Excerpts from a dataset —
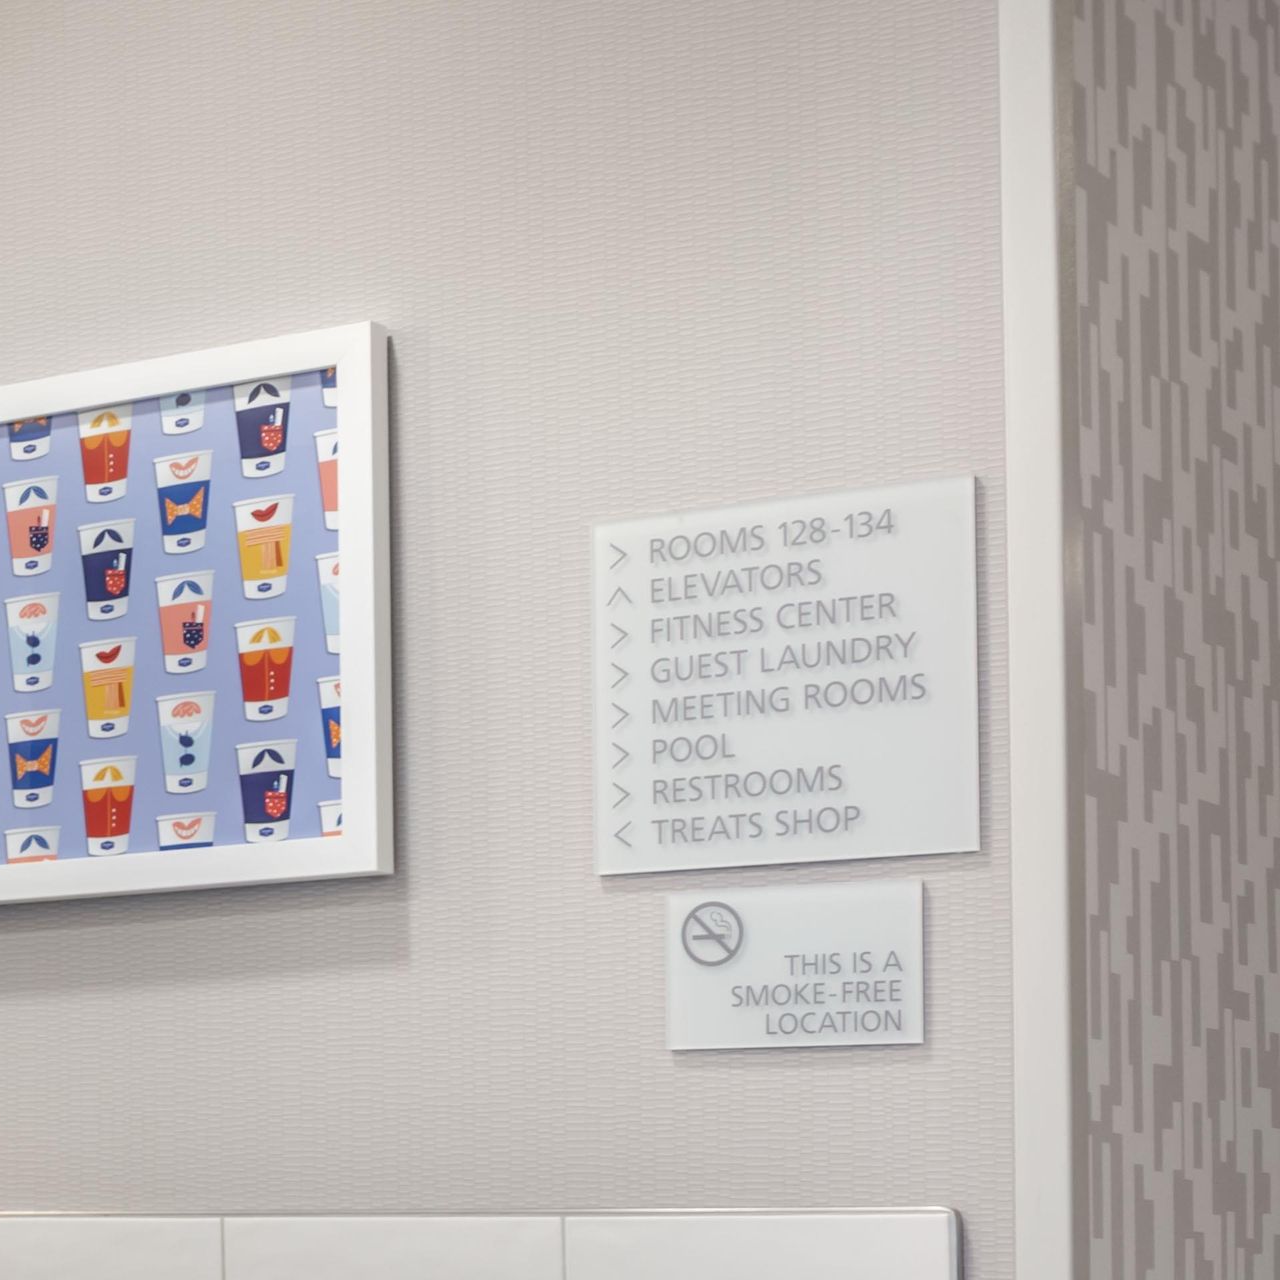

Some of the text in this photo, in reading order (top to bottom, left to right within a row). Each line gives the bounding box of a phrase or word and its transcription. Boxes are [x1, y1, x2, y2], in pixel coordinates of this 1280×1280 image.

[649, 508, 894, 564] ROOMS 128-134
[650, 559, 823, 603] ELEVATORS
[651, 592, 897, 644] FITNESS CENTER
[650, 631, 917, 684] GUEST LAUNDRY
[652, 673, 927, 725] MEETING ROOMS
[652, 733, 736, 764] POOL
[652, 764, 843, 804] RESTROOMS
[651, 805, 861, 845] TREATS SHOP
[784, 950, 903, 976] THIS IS A
[731, 980, 903, 1008] SMOKE-FREE
[765, 1009, 903, 1035] LOCATION

Goal of the exercise — The entries above, without their pictures, should be written out exactly.

Exercise output —
Some of the text in this photo, in reading order (top to bottom, left to right within a row). Each line gives the bounding box of a phrase or word and its transcription. Boxes are [x1, y1, x2, y2], in pixel coordinates of this 1280×1280 image.

[649, 508, 894, 564] ROOMS 128-134
[650, 559, 823, 603] ELEVATORS
[651, 592, 897, 644] FITNESS CENTER
[650, 631, 917, 684] GUEST LAUNDRY
[652, 673, 927, 725] MEETING ROOMS
[652, 733, 736, 764] POOL
[652, 764, 843, 804] RESTROOMS
[651, 805, 861, 845] TREATS SHOP
[784, 950, 903, 976] THIS IS A
[731, 980, 903, 1008] SMOKE-FREE
[765, 1009, 903, 1035] LOCATION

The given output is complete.